Où se termine la simple optimisation fiscale, et où commence l'irresponsabilité morale ? Apple, qui n'est pas la seule à appliquer le même type de montage, n'a payé en France que 7 millions d'euros d'impôts au titre de ses activités 2011. Dans le même temps, la firme de Cupertino possède dans ses coffres fort plus de 120 milliards de dollars.

Nous avons beau retourner la chose dans tous les sens, il ne reste selon nous qu'une seule explication rationnelle : l'économie mondiale est à ce point buggée que les hackers-comptables des grandes multinationales exploitent les failles au vu et au su de tous sans que plus personne ne semble avoir le courage ou, pire, le pouvoir de les corriger. Au moment où le gouvernement français annonce des hausses de TVA pour financer "un pacte de compétitivité" dont le volet majeur est un "allègement de 20 milliards d’euros du coût du travail", se rappelle à l'actualité ce que nous avions qualifié il y a un an d'indécence fiscale de la part d'Apple, mais aussi de Google ou Microsoft.

En effet, BFM Business publie une enquête dans laquelle elle révèle qu'Apple n'a payé que 7 millions d'impôts en France au titre de son exercice fiscal clôt au 30 septembre 2011, pour un chiffre d'affaires réalisé sur le territoire français estimé à 3,5 milliards d'euros. L'enquête décrit parfaitement le mécanisme qui permet à la firme de Cupertino de payer excessivement peu d'impôts en Europe, y compris en Irlande où est domicilié son siège européen.

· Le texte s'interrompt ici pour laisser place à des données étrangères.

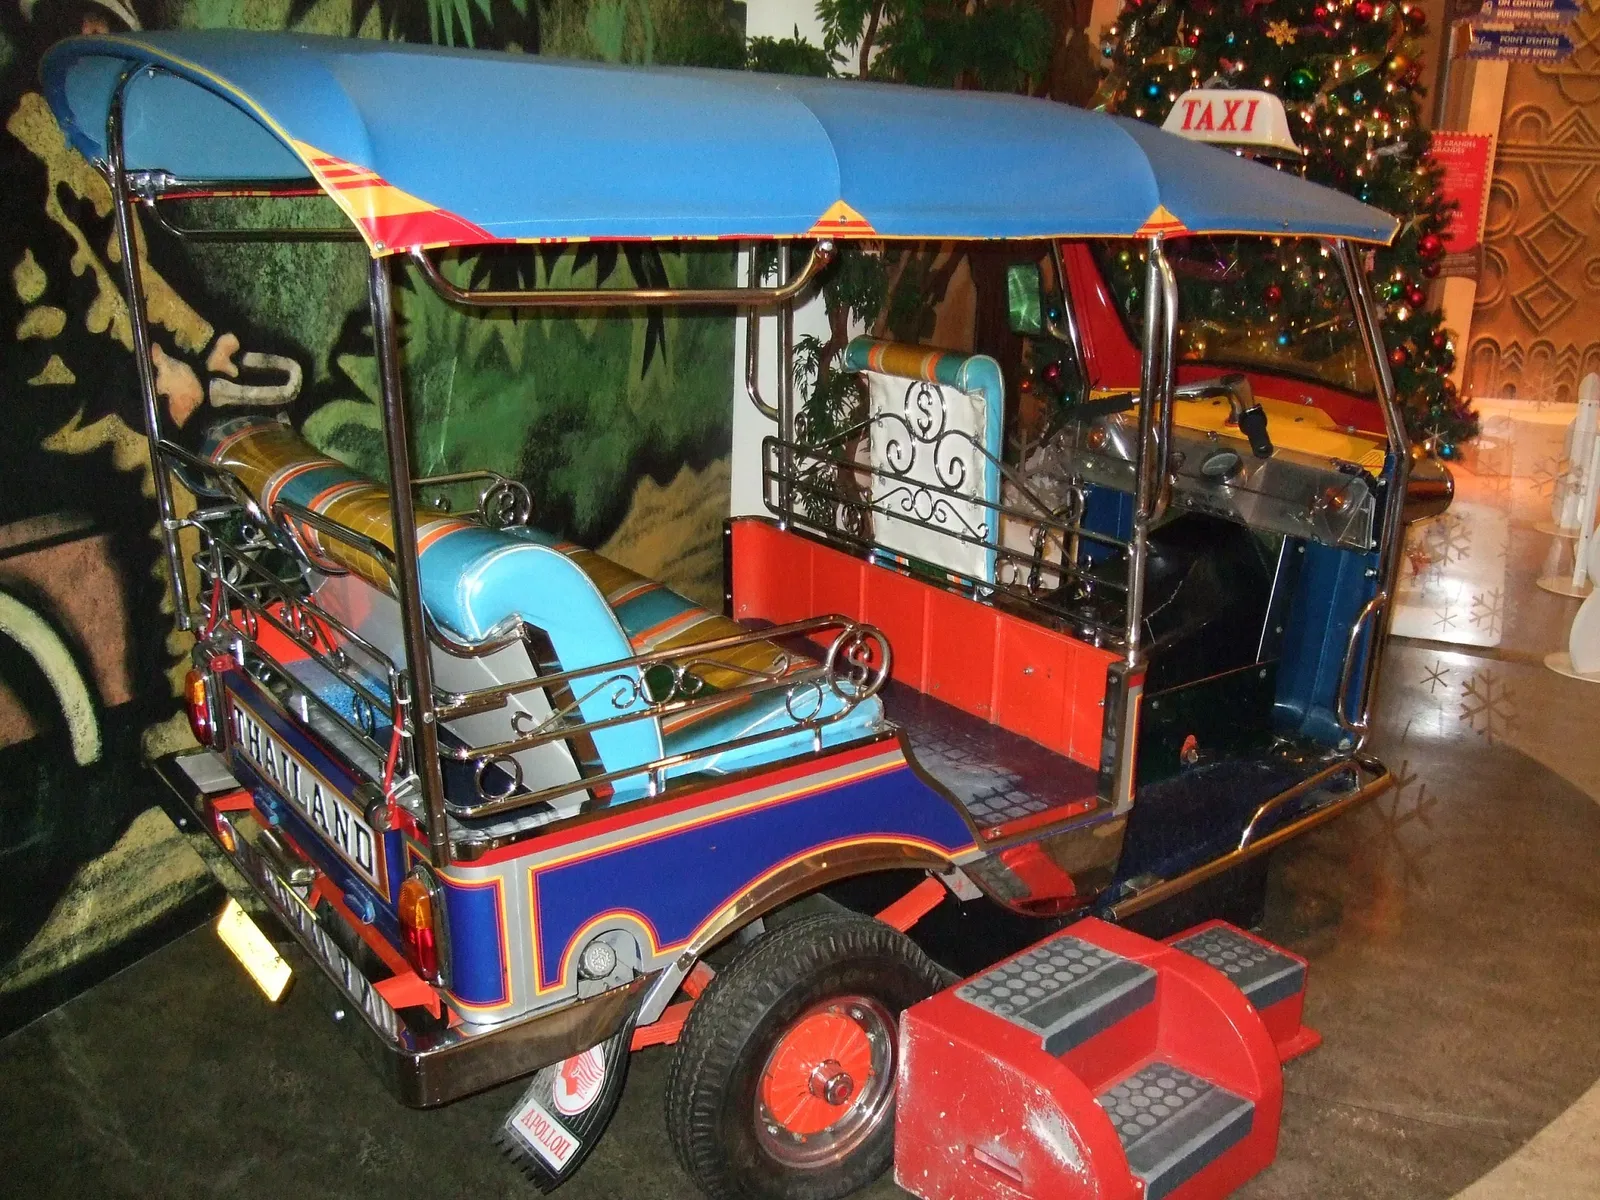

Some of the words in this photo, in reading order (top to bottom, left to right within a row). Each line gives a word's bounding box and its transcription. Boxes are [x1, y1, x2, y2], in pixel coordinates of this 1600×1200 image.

[1500, 35, 1523, 45] POINT
[1498, 46, 1519, 55] PORT
[1520, 47, 1531, 56] OF
[1533, 48, 1558, 57] ENTRY
[1181, 100, 1259, 131] TAXI
[233, 704, 373, 877] THAILAND

"On peut estimer à 1,44 milliard de dollars l'impôt qui serait payé au fisc irlandais si tous ces bénéfices étaient déclarés là bas. Mais c'est impossible : ce montant de 1,44 milliard est le double de tous les impôts payés par Apple hors des Etats-Unis", écrit BFM Business. "La seule explication possible est que les profits s'évaporent d'Irlande vers une autre destination où l'on paye encore moins d'impôts. Apparemment, ce sont les îles Vierges britanniques, où Apple détient une filiale baptisée Baldwin Holdings Unlimited", qui n'est qu'une simple boîte aux lettres.

Pendant la crise de la dette publique, les entreprises attendent une amnistie fiscale

Pour prendre la mesure de l'indécence fiscale, il ne faut pas seulement comparer les impôts versés au chiffre d'affaires réalisé, même si le chiffre est éloquent. Il faut mettre en regard le montant du chèque adressé au fisc, et les sommes colossales qui dorment dans les coffres d'Apple parce qu'elles ont échappé à l'impôt. Fin septembre 2012, Apple affichait une trésorerie de 121,2 milliards de dollars. C'est l'équivalent d'un an de production de richesse au Viêt Nam, et pas loin de ce que produit plus près de nous la Hongrie (141 milliards en 2011). C'est aussi très près des 147 milliards de dollars détenus dans les réserves de la Banque de France, cinquième puissance mondiale.

7 millions d'euros versés au fisc en France, c'est 0,0057 % des sommes mises de côté par Apple, bénéfices après bénéfices.

Sur les 121 milliards détenus en banque par Apple, 82,6 milliards sont détenus hors des Etats-Unis. Pourquoi ? Parce qu'Apple ne veut pas avoir à payer les 35 % d'impôts qu'exigerait le fisc américain s'il rapatriait l'argent chez lui ; ce qui l'incite à faire pression sur l'administration pour obtenir une amnistie fiscale. En 2005, George Bush avait autorisé le rapatriement des profits à un taux de seulement 5 %, ce qui a incité les entreprises à attendre un nouveau cadeau du même genre, s'il le faut de nombreuses années.

En mars 2012, Apple a annoncé qu'il piocherait 45 milliards de dollars dans ses réserves en trois ans pour rémunérer les actionnaires, et racheter des actions.

Aux titres de leurs exercices clos en 2011, Google a payé environ 5,5 millions d'euros d'impôts, et Microsoft a payé 21,7 millions d'euros. Tous utilisent le même type de montage fiscal, baptisé Double Irish.